Entries supplied Start Marker
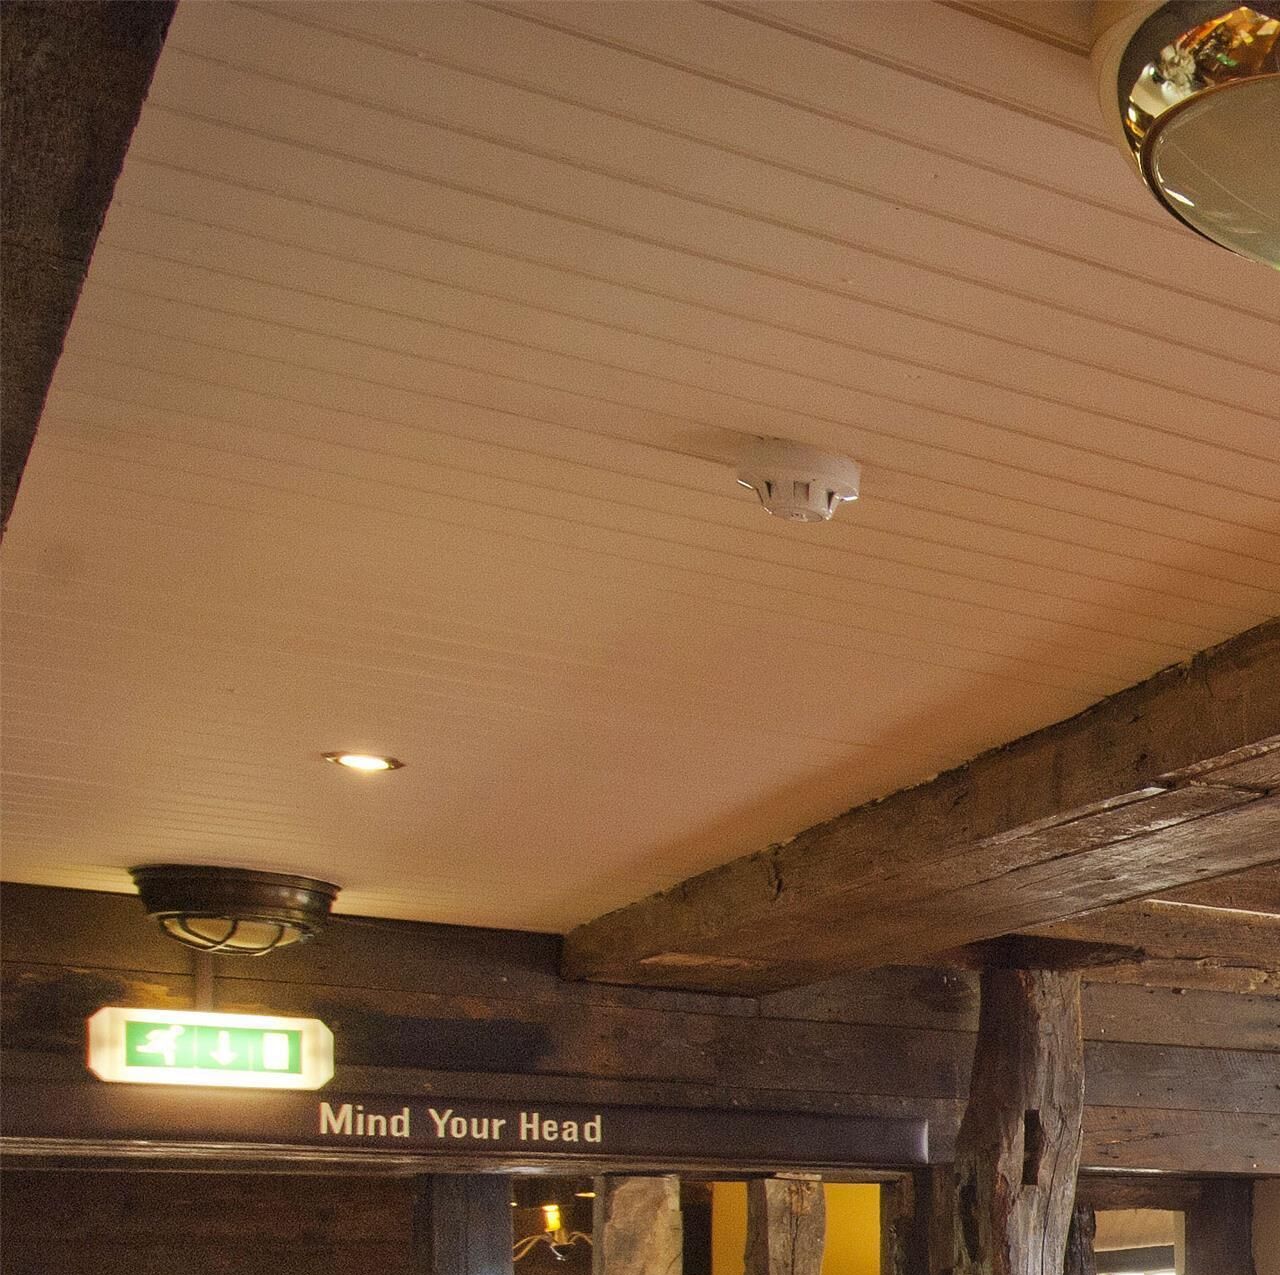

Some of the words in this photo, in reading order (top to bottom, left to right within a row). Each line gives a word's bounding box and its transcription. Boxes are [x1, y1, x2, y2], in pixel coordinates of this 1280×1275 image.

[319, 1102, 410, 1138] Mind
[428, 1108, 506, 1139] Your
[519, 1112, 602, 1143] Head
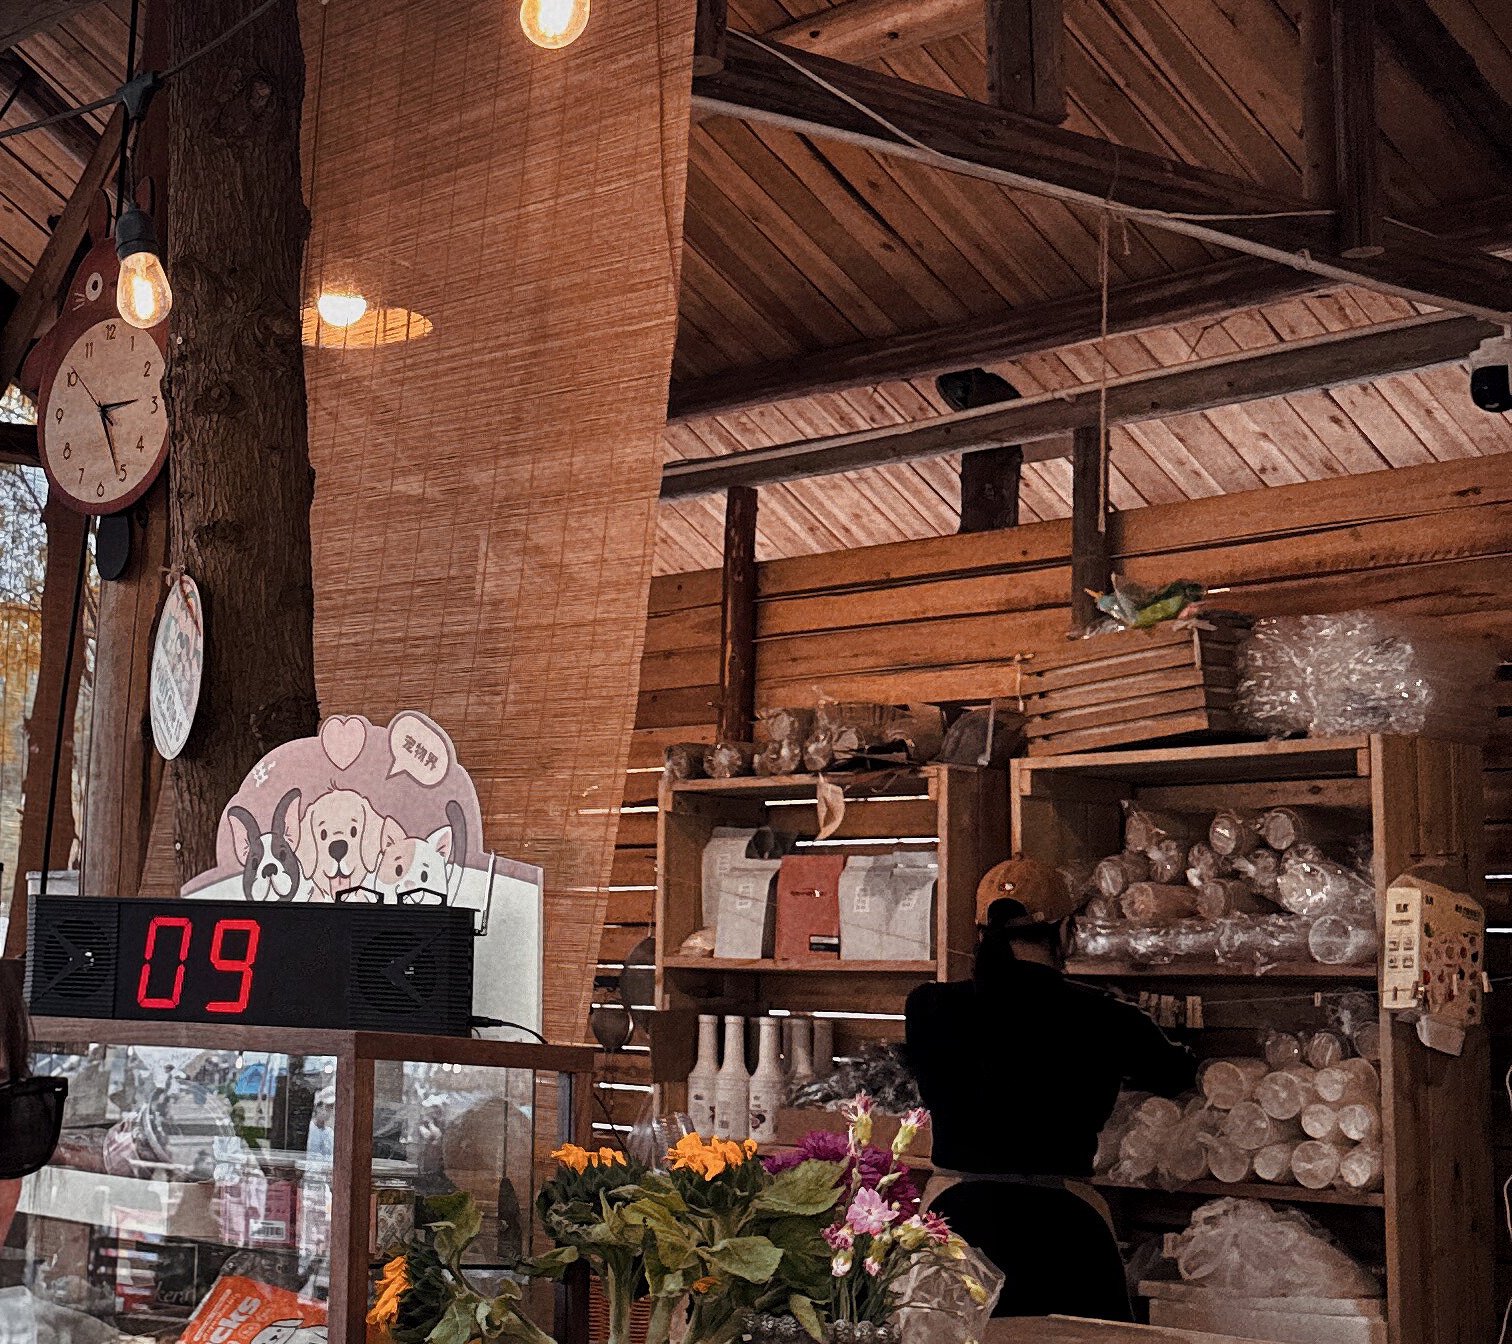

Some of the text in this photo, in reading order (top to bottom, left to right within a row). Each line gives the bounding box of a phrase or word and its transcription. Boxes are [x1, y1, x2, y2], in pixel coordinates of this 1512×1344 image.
Entries supplied End Marker
Entries supplied Start Marker
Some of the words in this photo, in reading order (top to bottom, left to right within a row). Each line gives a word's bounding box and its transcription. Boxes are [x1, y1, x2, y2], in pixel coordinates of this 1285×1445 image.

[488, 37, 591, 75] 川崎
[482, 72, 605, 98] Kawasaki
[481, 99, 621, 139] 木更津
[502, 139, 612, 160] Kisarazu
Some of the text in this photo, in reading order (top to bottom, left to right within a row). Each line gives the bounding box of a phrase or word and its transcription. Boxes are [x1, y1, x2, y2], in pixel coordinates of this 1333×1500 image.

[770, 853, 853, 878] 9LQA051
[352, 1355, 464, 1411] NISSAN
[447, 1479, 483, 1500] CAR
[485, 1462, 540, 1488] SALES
Entries supplied End Marker
Entries supplied Start Marker
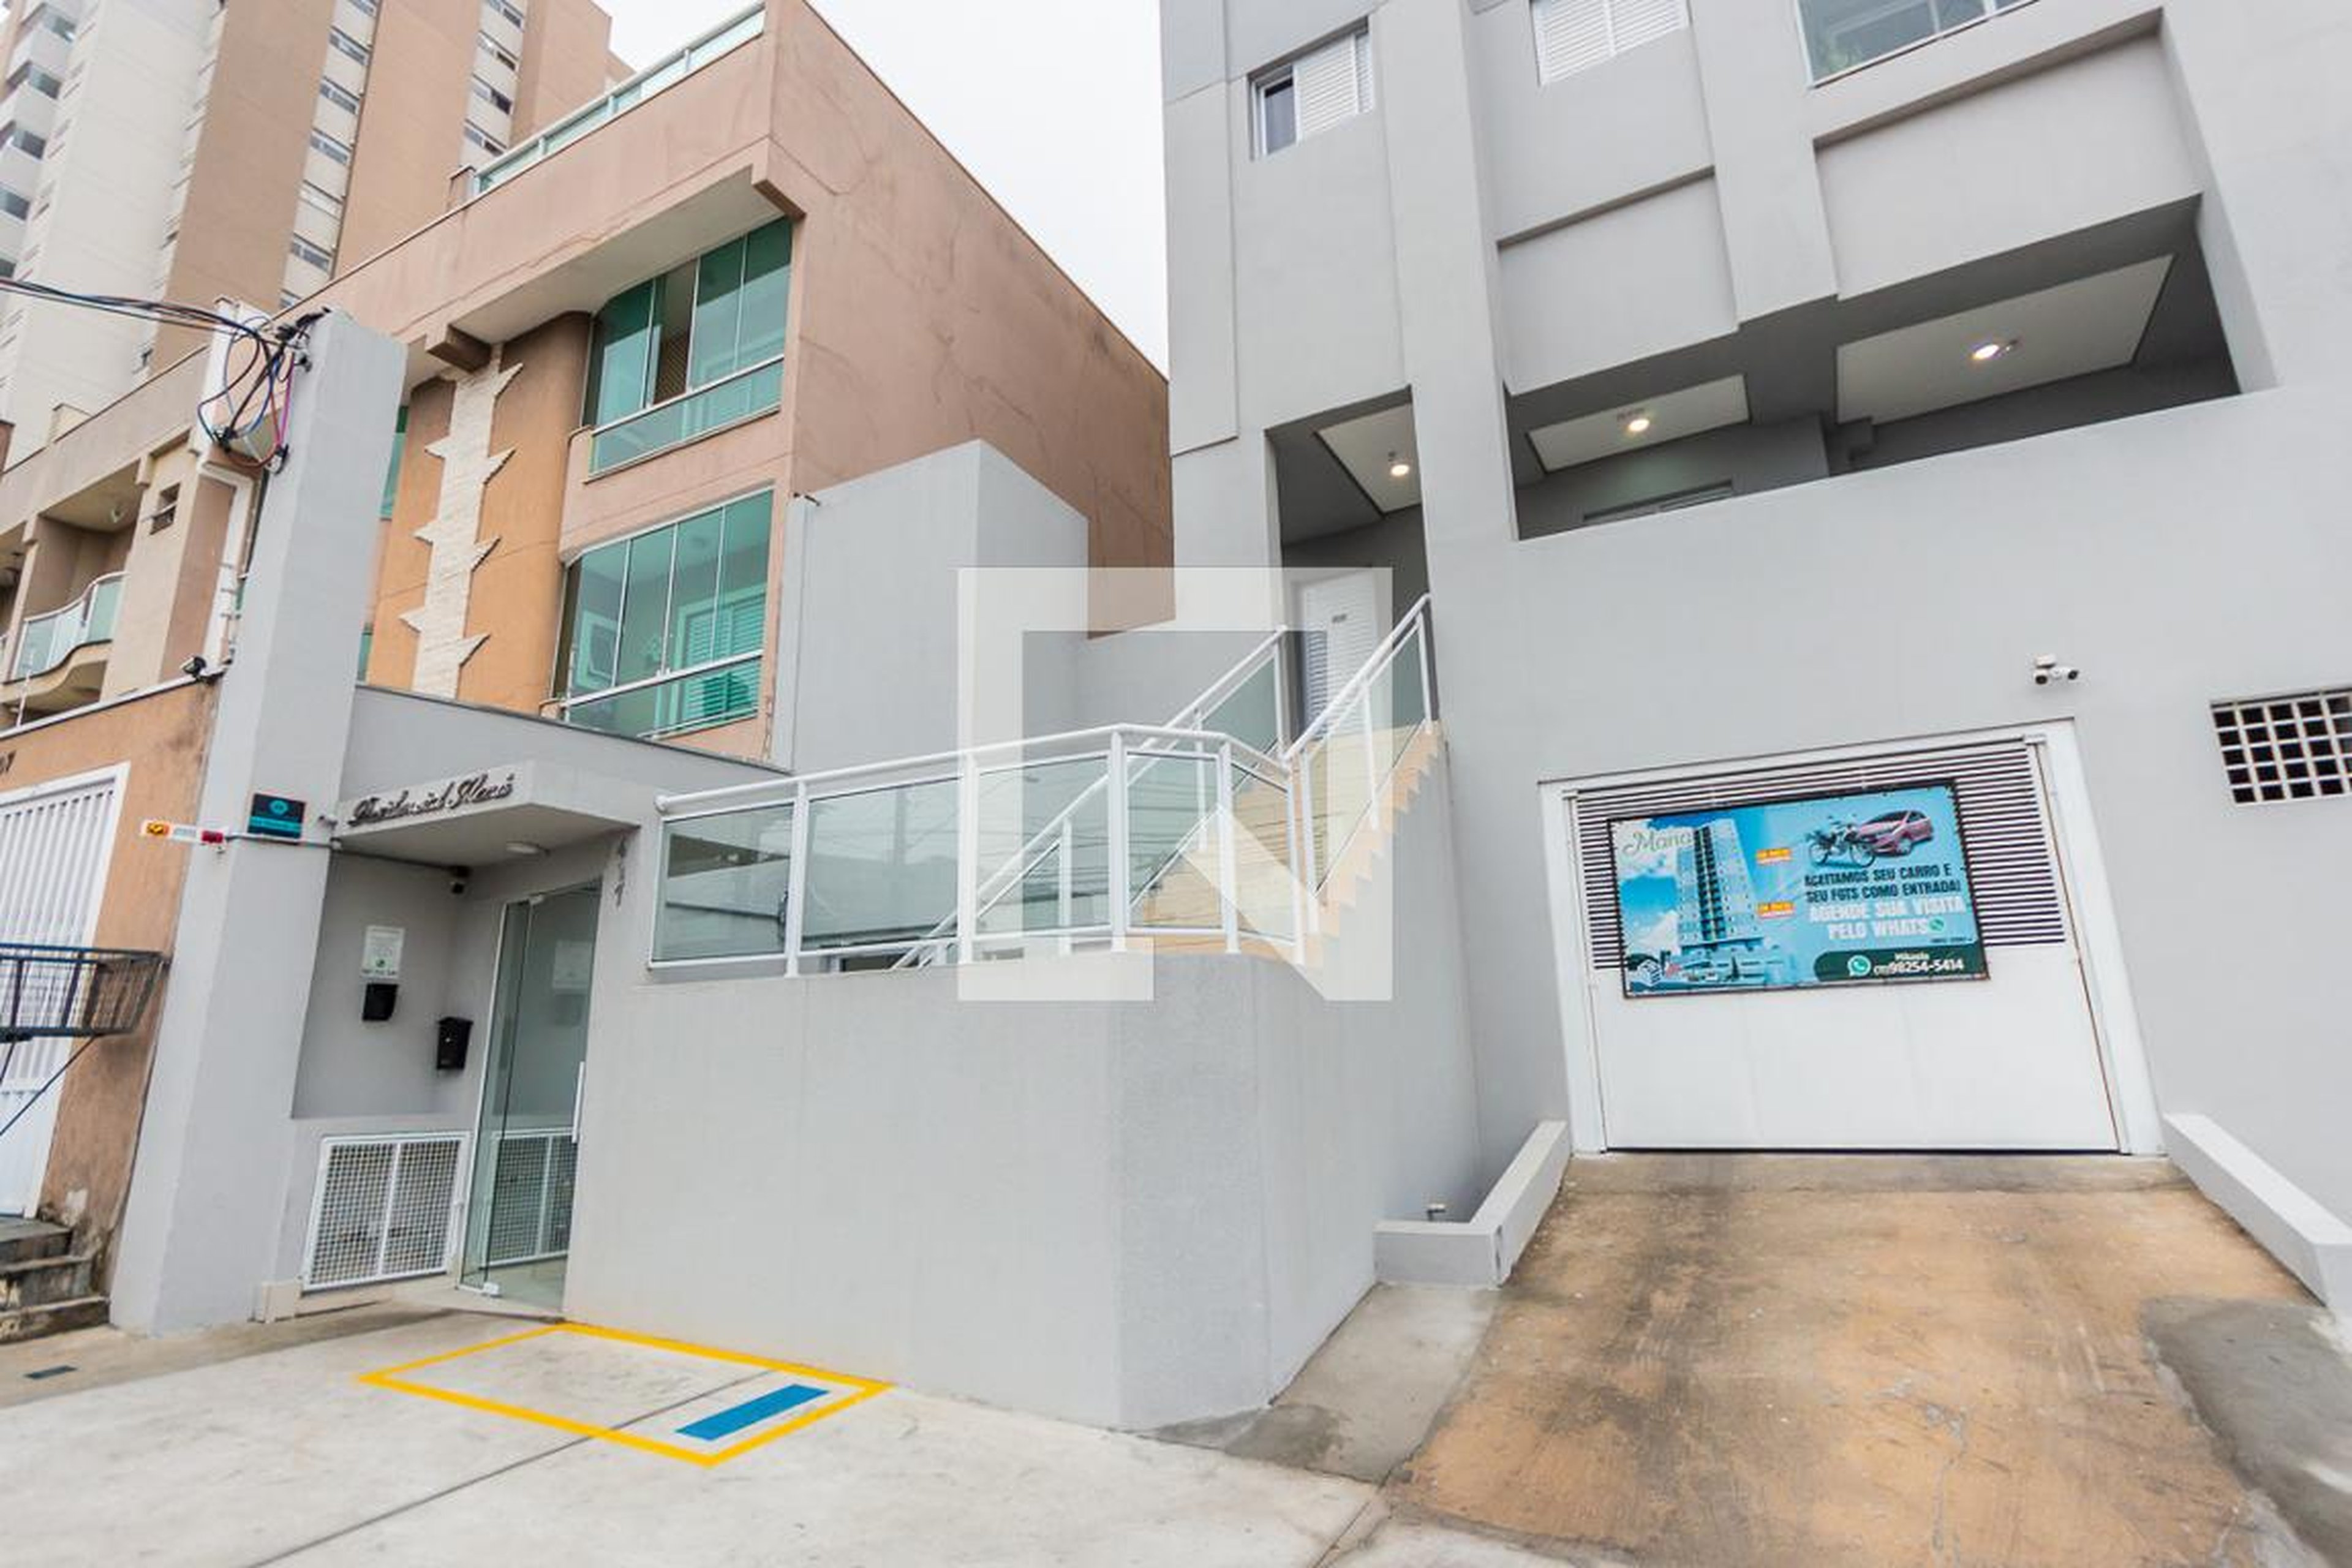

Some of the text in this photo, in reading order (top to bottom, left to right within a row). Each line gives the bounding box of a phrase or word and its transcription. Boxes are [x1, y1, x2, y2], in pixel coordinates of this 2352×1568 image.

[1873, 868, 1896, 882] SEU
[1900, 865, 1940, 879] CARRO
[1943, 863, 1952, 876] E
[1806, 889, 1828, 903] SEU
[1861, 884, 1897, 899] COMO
Entries supplied End Marker
**Task instructions**: Start with the line above containing "this 1280×1275 image." and end with the line containing "this 1512×1344 image.". Set down that stretch exactly, without any pictures.

**Exercise solution**:
Some of the words in this photo, in reading order (top to bottom, left to right within a row). Each line gives a word's bounding box and its transcription. Boxes are [x1, y1, x2, y2], in pixel coordinates of this 1280×1275 image.

[319, 1102, 410, 1138] Mind
[428, 1108, 506, 1139] Your
[519, 1112, 602, 1143] Head

Some of the text in this photo, in reading order (top to bottom, left to right within a row). Each line gives the bounding box of a phrase or word and its transcription. Boxes are [x1, y1, x2, y2], in pixel coordinates of this 1512×1344 image.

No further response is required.